In the fantasy phase of the survey, when asked what vegetables they would use to top their oatmeal, consumers identified carrots, tomatoes, broccoli, corn and peas. As for toppings for holiday time, respondents said they would use strawberries and blueberries to celebrate the Fourth of July. And when asked what they thought famous people would use to top their oatmeal, the most commonly cited examples were wheat germ, granola and bran for Arnold Schwarzenegger, strawberries for Princess Diana, broccoli for George Bush and caviar or borscht for Mikhail Gorbachev.

Oh well. What else could you expect when January is National Oatmeal Month?


Serve these sweet catfish fillets in a crunchy almond crust with rice tossed with peas and a sprinkle of lemon zest.

1/2 cup whole almonds, toasted

3 tablespoons cornmeal

2 tablespoons Parmesan cheese

2 tablespoons fresh parsley, chopped

1 tablespoon flour

Salt and freshly ground black pepper, to taste

2 tablespoons fresh lemon juice

2 pounds catfish fillets

Parsley springs and lemon wedges, for garnish

Grind almonds and combine with the cornmeal, Parmesan, parsley, flour, salt and pepper. Sprinkle the lemon juice over the catfish and coat the catfish thoroughly with the almond mixture. Place the fillets on a baking sheet and bake at 400 degrees for 8 minutes, or until cooked through. Serve immediately.

Per serving: 358 calories, 45 gm protein, 10 gm carbohydrates, 15 gm fat, 2 gm saturated fat, 106 mg cholesterol, 252 mg sodium.
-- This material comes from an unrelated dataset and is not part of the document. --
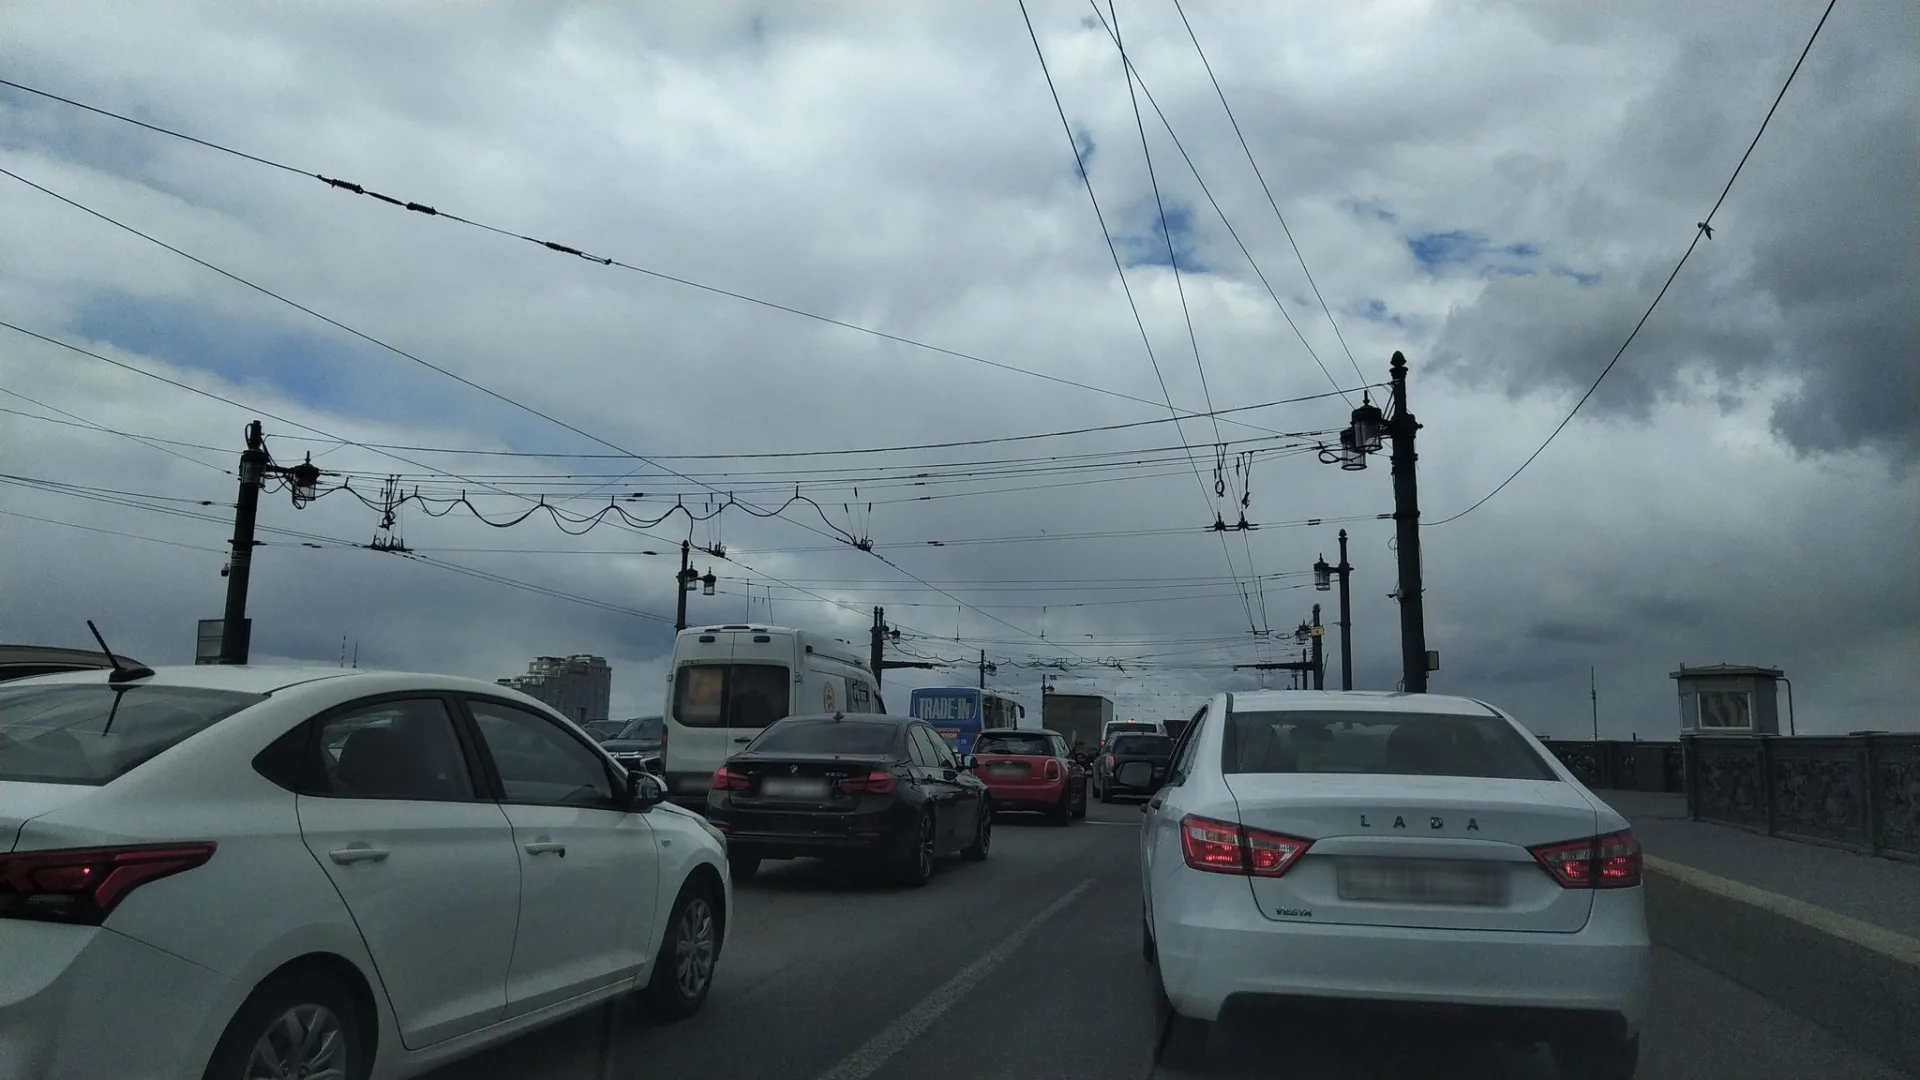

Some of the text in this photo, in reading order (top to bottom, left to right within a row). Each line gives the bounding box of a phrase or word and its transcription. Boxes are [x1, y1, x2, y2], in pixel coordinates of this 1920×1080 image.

[919, 697, 971, 720] TRADE-IN
[1360, 814, 1480, 831] LADA
[1275, 905, 1313, 917] VESTA
-From the Almond Board of California

ONLY A CONFIRMED FOOTBALL FAN would fall for such a gimmick, but here it is, just in time for those Super Bowl bashes. Abbyland Sausage & Meats of Abbotsford, Wis., has football-shaped hams and summer sausages.

They're close to life size, although at four pounds they're a bit heavy for a down-and-out pass pattern, but then how big can a TV room be? A two-pound version is available for weak arms. The cost is $15.25 (plus UPS shipping) for the large size and $7 (plus shipping) for the small. Call 800-541-5266.

We've had better ham (it's chopped and reshaped) and we've had better summer sausage, but like we said, it doesn't take much to amuse a football fanatic.

HEY, DIDDLE DIDDLE, I'm watching my middle; I'm hoping to whittle it soon. But eating's such fun it may not get done 'til my dish runs away with my spoon."

This little plaint comes from Hale G. Joy's "Just Pondering" column in the Ellsworth {Maine} American. Joy credits "Parson to Person," a pamphlet that he came across years ago by a Rev. Doug Henderson.

We assume it was some sort of divine dessert that brought Henderson to bray for help.